VideoRefer Suite: Advancing Spatial-Temporal Object Understanding with Video LLM¶
Conference: CVPR 2025
arXiv: 2501.00599
Code: Available (Project Page + Code links)
Area: Video Understanding
Keywords: Video Region Understanding, Object-level Instruction Data, Spatial-Temporal Object Encoder, Video LLMs, Fine-grained Understanding
TL;DR¶
VideoRefer Suite is a systematic system consisting of a dataset (700K object-level video instruction data), a model (a spatial-temporal object encoder enabling pixel-level region understanding), and a benchmark (multi-dimensional evaluation) to empower Video LLMs with the ability to perceive, reason about, and retrieve any object in a video at any timestamp.
Background & Motivation¶
Background: Video LLMs (e.g., VideoLLaMA2) perform exceptionally well in overall video understanding, but they primarily focus on scene-level understanding and fail to precisely target user-specified objects. Although region understanding methods in the image domain (such as GPT4RoI, Ferret, Osprey) are relatively mature, research on object-level understanding in the video domain remains limited.

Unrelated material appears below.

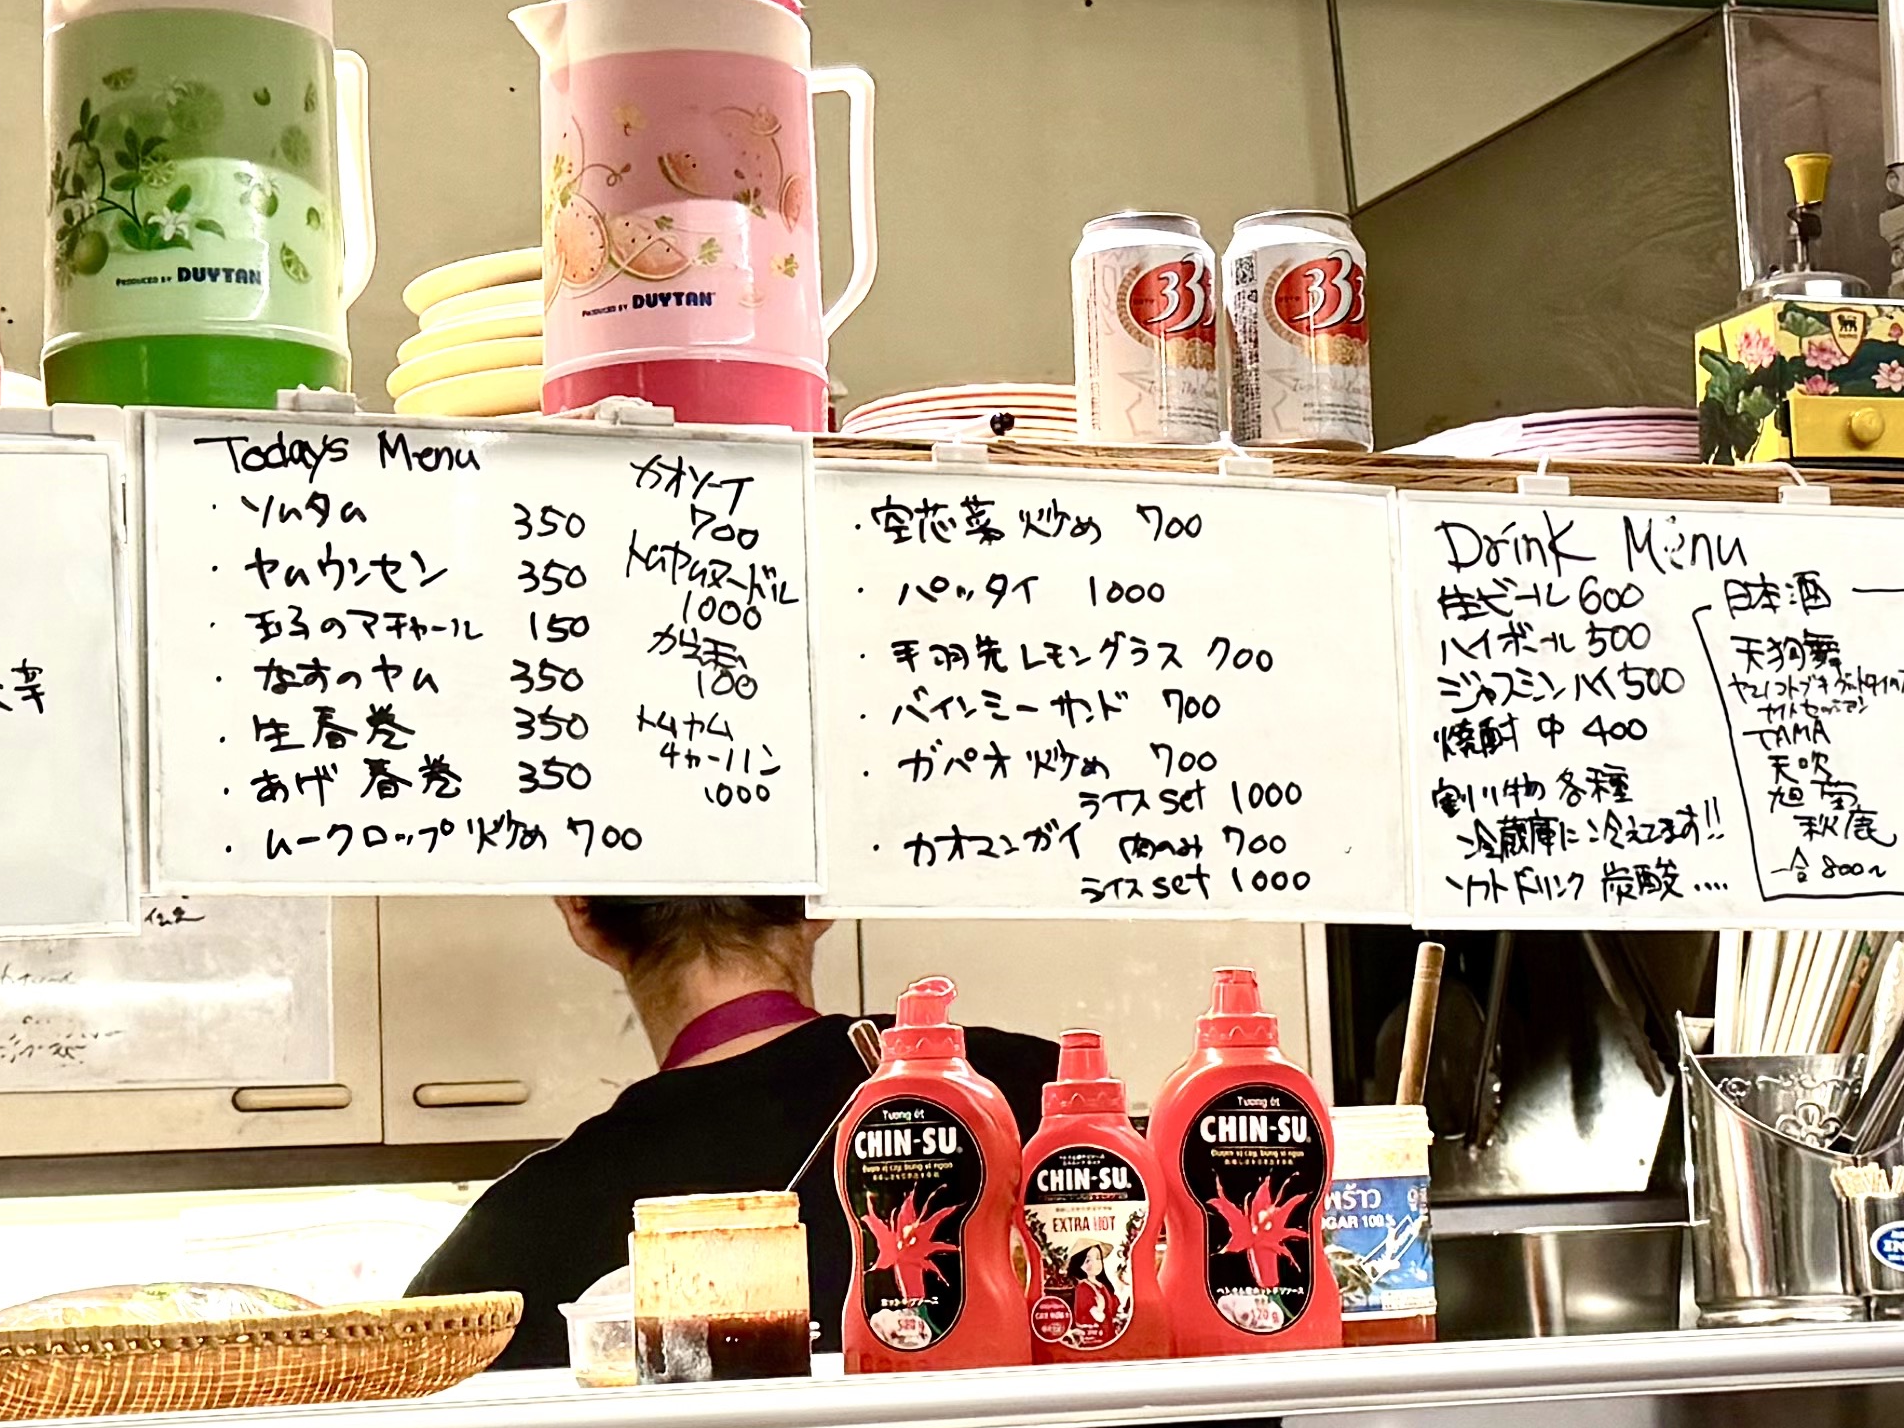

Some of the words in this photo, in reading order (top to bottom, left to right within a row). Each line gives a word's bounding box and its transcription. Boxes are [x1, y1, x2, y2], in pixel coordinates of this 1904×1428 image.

Limitations of Prior Work: (1) Existing video region understanding methods (such as Artemis) only support single-object, coarse bounding-box-level features, falling short in analyzing multi-object relationships and complex reasoning; (2) Directly converting bounding box coordinates into text prompts (e.g., VTimeLLM) leading to imprecise region understanding; (3) Lack of high-quality object-level video instruction data and comprehensive evaluation benchmarks.
Key Challenge: Fine-grained understanding in videos requires both precise spatial localization (pixel-level masks) and rich temporal context (cross-frame tracking). Existing architectures and data are insufficient to support this requirement.

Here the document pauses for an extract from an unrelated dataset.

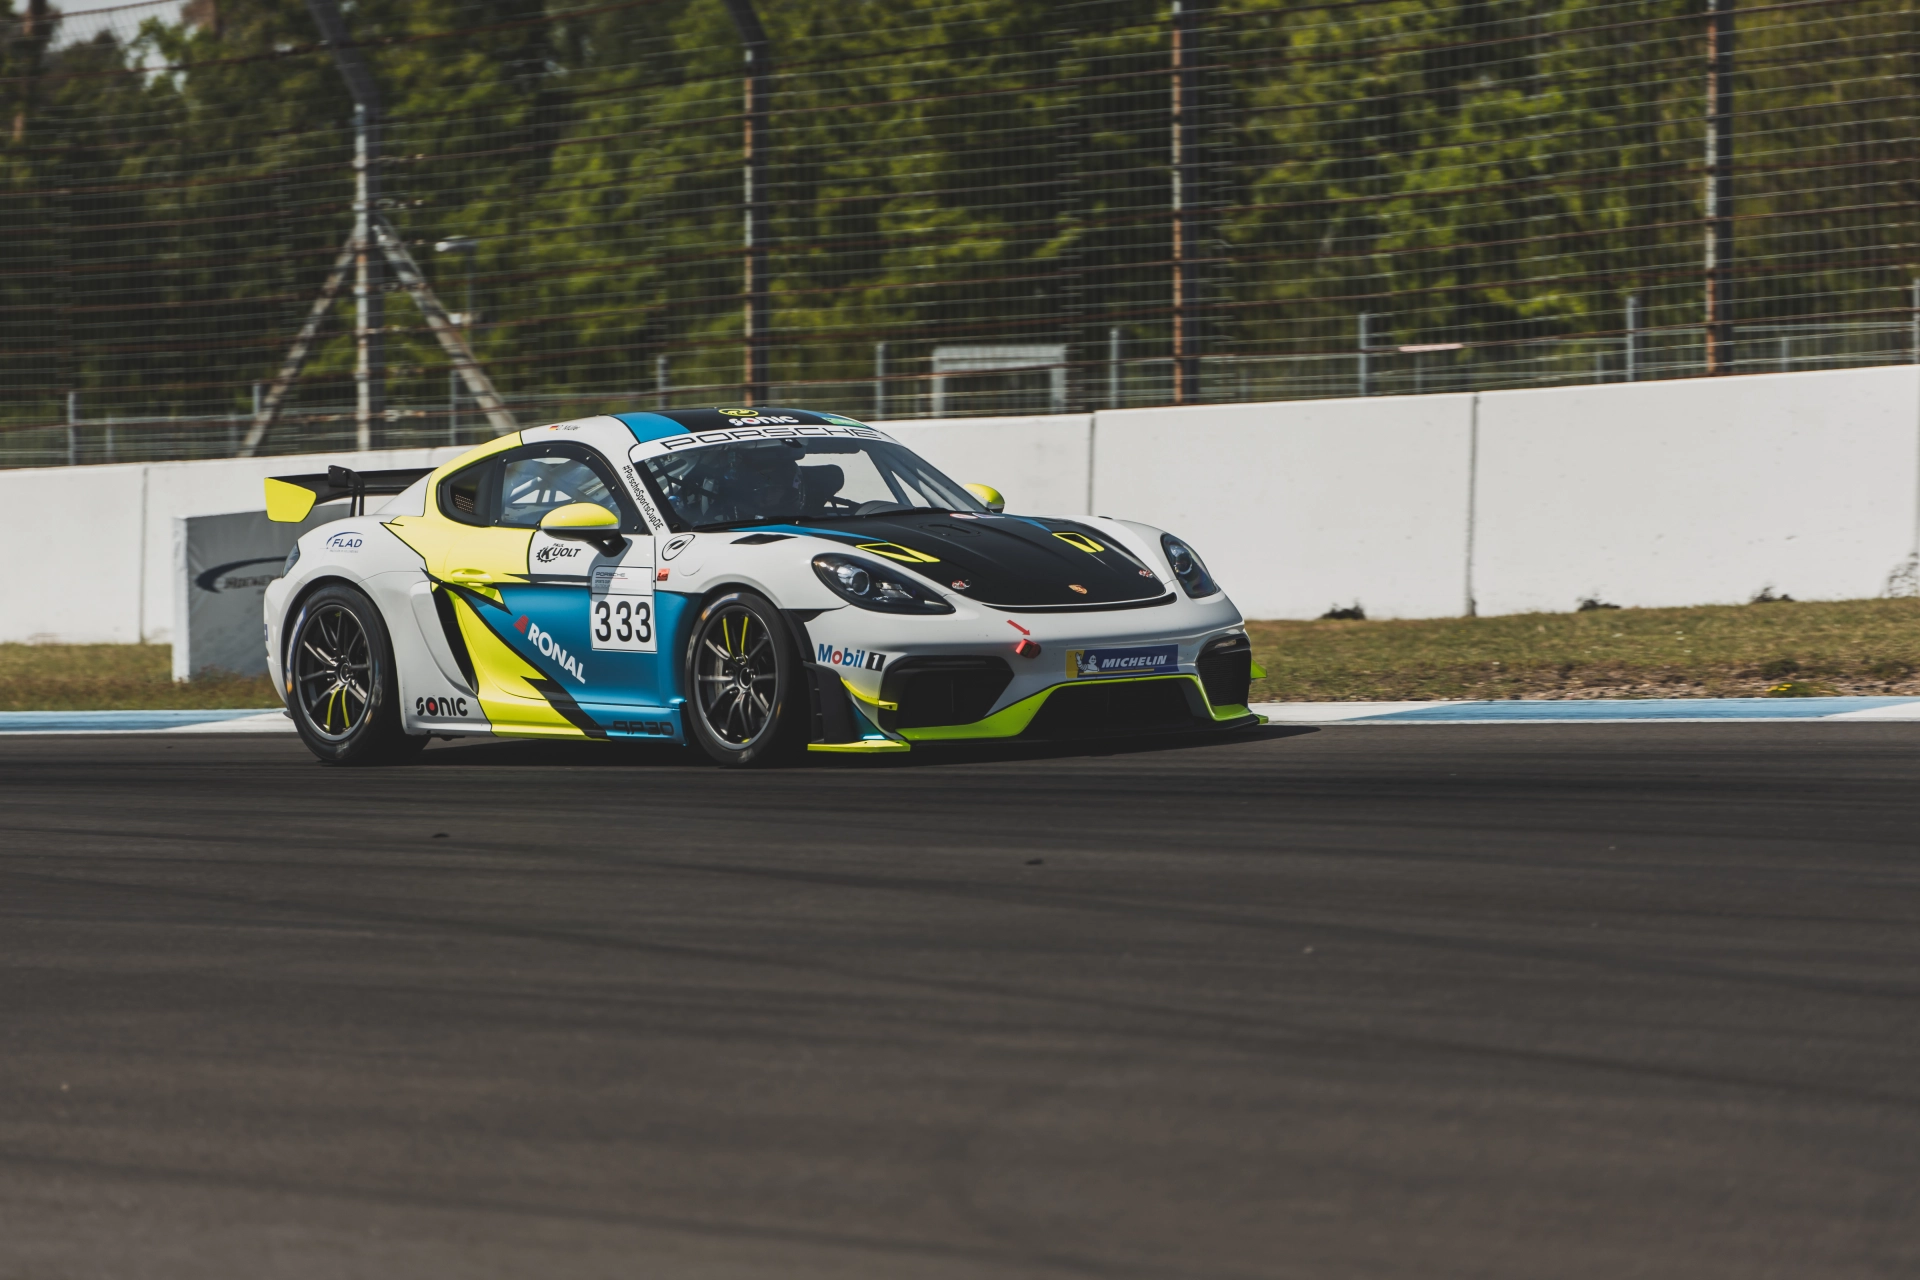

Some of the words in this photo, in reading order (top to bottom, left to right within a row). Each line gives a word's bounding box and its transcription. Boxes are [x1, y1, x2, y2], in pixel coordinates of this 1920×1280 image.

Goal: To build VideoRefer Suite—a complete solution covering data, models, and benchmarks—to empower Video LLMs to perform fine-grained video understanding for any object at any time.
Key Insight: Employ a multi-agent data engine to automatically construct high-quality object-level annotations, design a unified spatial-temporal object encoder to support a mixture of single-frame and multi-frame inputs, and establish a comprehensive benchmark containing both description generation and multiple-choice questions.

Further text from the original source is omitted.